SQUID memory error after vm.swappines changed from 60 to 10

Previous Topic Next Topic
 
classic Classic list List threaded Threaded
27 messages Options
12
Reply | Threaded
Open this post in threaded view
|

Re: SQUID memory error after vm.swappines changed from 60 to 10

Bike dernikov1
On Mon, Nov 13, 2017 at 4:36 PM, Alex Rousskov
<[hidden email]> wrote:

> On 11/13/2017 02:34 AM, Bike dernikov1 wrote:
>> On Fri, Nov 10, 2017 at 4:43 PM, Alex Rousskov wrote:
>>> Squid swapping in production is an arguably worse disaster, as you have
>>> learned. In many cases, it is better to deal with a lack of swap than to
>>> rely on swap's magical effects that most humans poorly understand. YMMV.
>
>> In this scenario, swap is backup cache (as I understand)?
>
> In this scenario, swap is not a cache! In fact it is pretty much the
> opposite:
>
> * A cache is, by definition, an optional unreliable "fast" storage meant
> to reduce the need to go to some "slow" storage.
>
> * When in active use, swap is required reliable slow storage meant to
> extend fast storage (RAM) capacity.
>
> Do you see how almost every adjective in the first bullet is replaced
> with an antonym in the second one?

Yes, definitely mixed up, I meant right but wrote wrong.

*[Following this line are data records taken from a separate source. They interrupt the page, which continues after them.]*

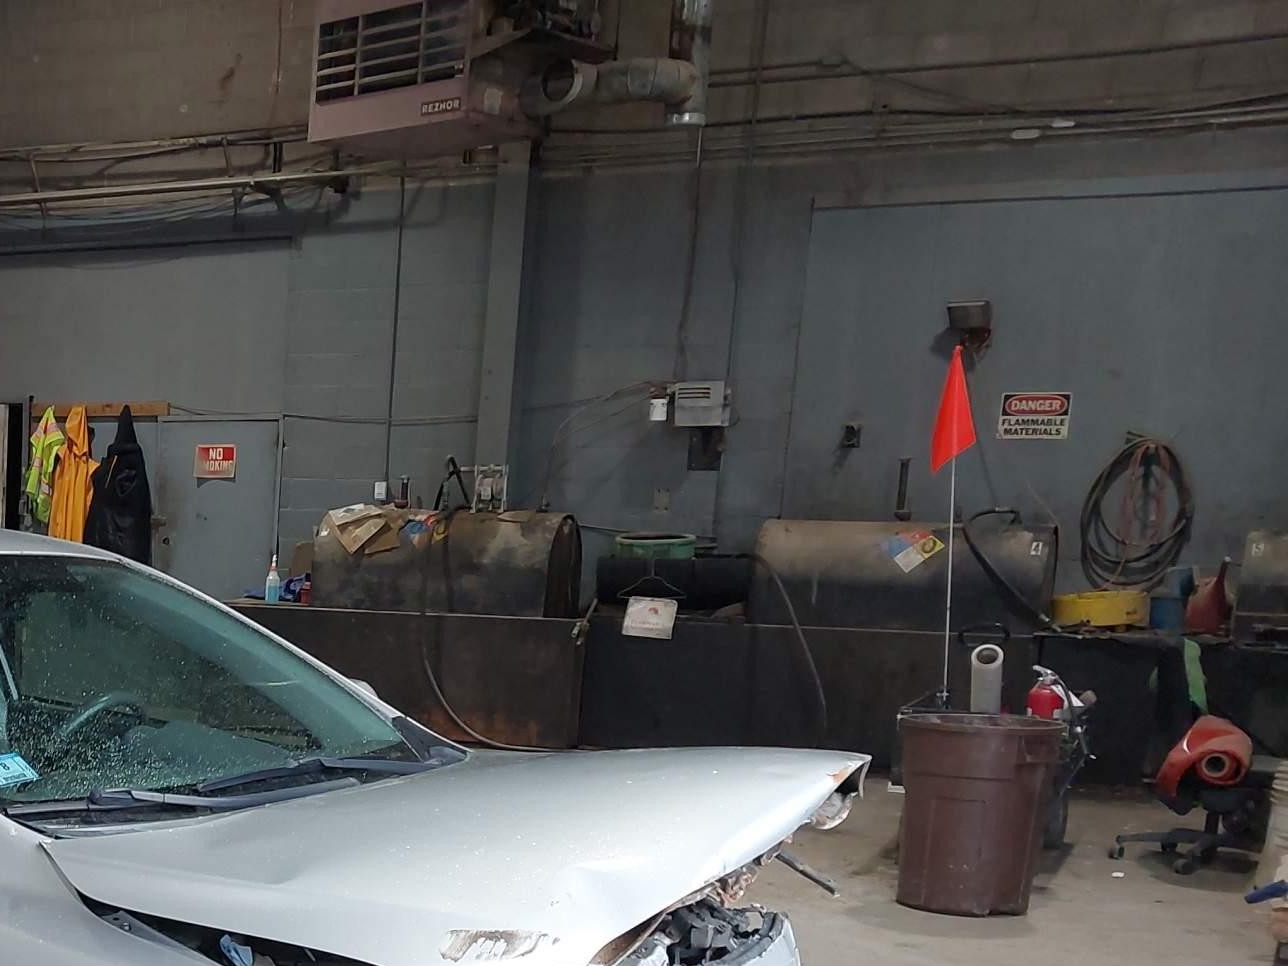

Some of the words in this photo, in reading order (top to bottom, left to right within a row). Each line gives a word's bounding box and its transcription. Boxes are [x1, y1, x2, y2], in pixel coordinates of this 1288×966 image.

[422, 100, 460, 113] REZNOR
[1010, 400, 1062, 411] DANGER
[1001, 418, 1067, 427] FLAMMABLE
[1003, 428, 1062, 436] MATERIALS
[209, 448, 223, 460] NO
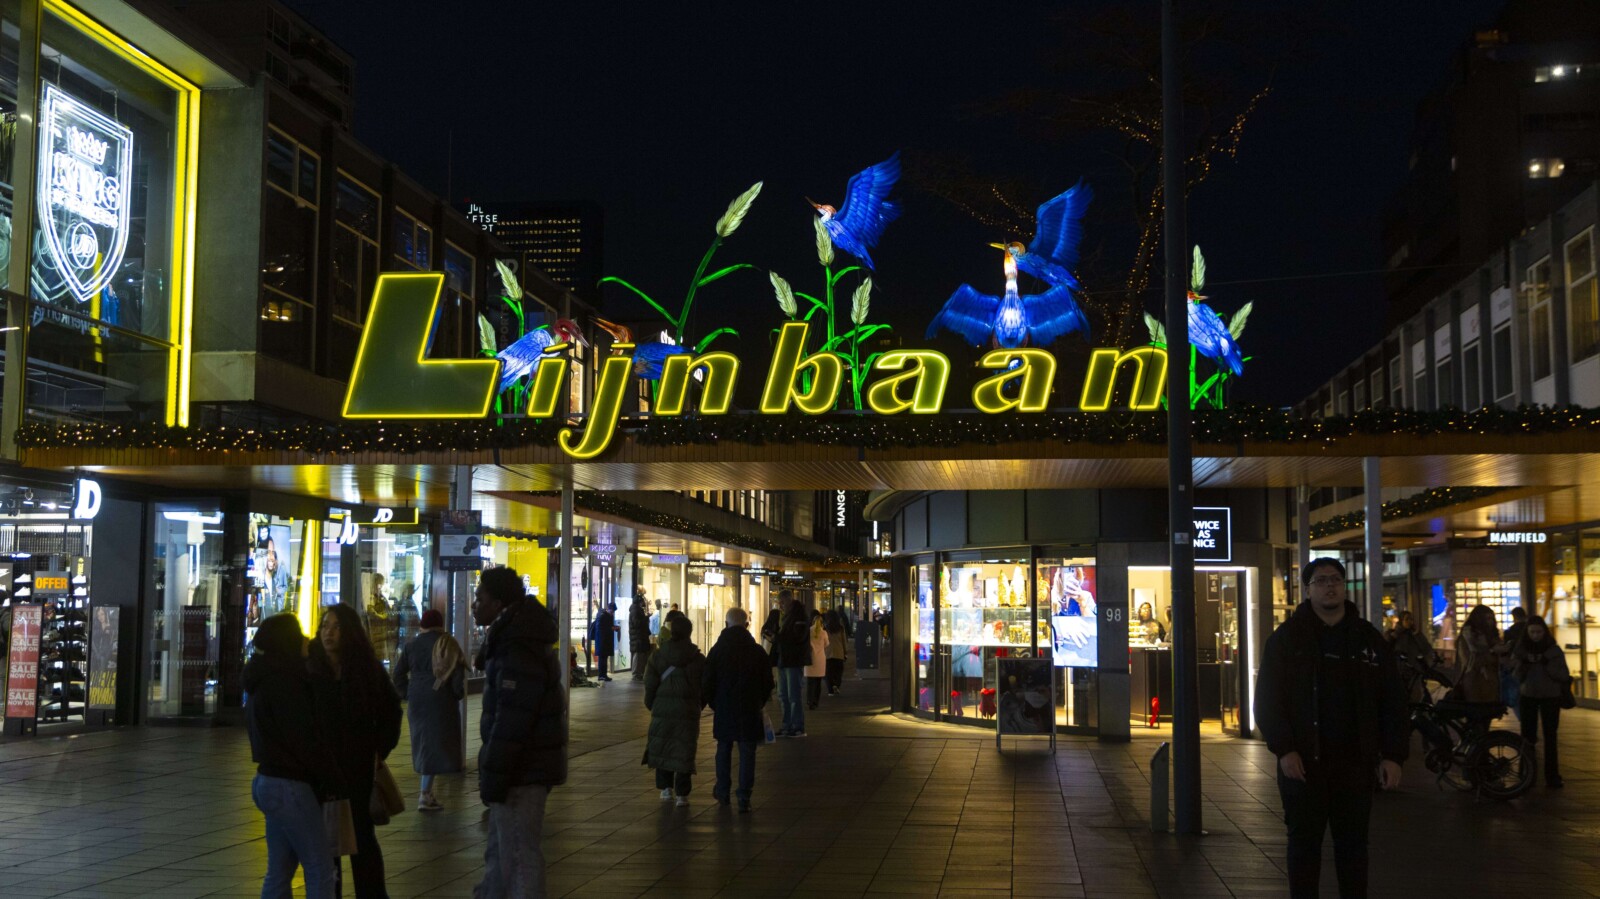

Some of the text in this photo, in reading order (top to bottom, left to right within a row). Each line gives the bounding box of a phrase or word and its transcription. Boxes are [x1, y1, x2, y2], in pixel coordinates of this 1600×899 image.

[342, 271, 1168, 458] Lijnbaan
[372, 507, 393, 522] JD
[1198, 530, 1211, 538] AS
[1490, 532, 1547, 543] MANFIELD
[1193, 539, 1216, 548] NICE
[591, 544, 617, 553] KIKO
[35, 577, 68, 589] OFFER
[15, 611, 41, 620] SALE
[1105, 608, 1122, 622] 98
[11, 665, 37, 673] SALE
[9, 692, 35, 700] SALE

> Some services, including many databases, over allocate RAM to store
> rarely used (computed and/or preloaded) data. When that data is swapped
> out, the service often continues to operate normally because the data is
> rarely accessed (and/or because swapping it in is still cheaper than
> computing it from scratch).
>
> With Squid, it is very difficult for the OS to correctly identify the
> rarely used RAM areas to swap out. When the OS swaps out the wrong area,
> Squid slows down (to access that area), which only increases the number
> of concurrent transactions and, hence, the amount of RAM Squid needs to
> operate, which triggers more wrong swap outs, creating a vicious cycle.

That is why best solution would be swap of. Definitely testing swapoff
next week, if we won't have new problems.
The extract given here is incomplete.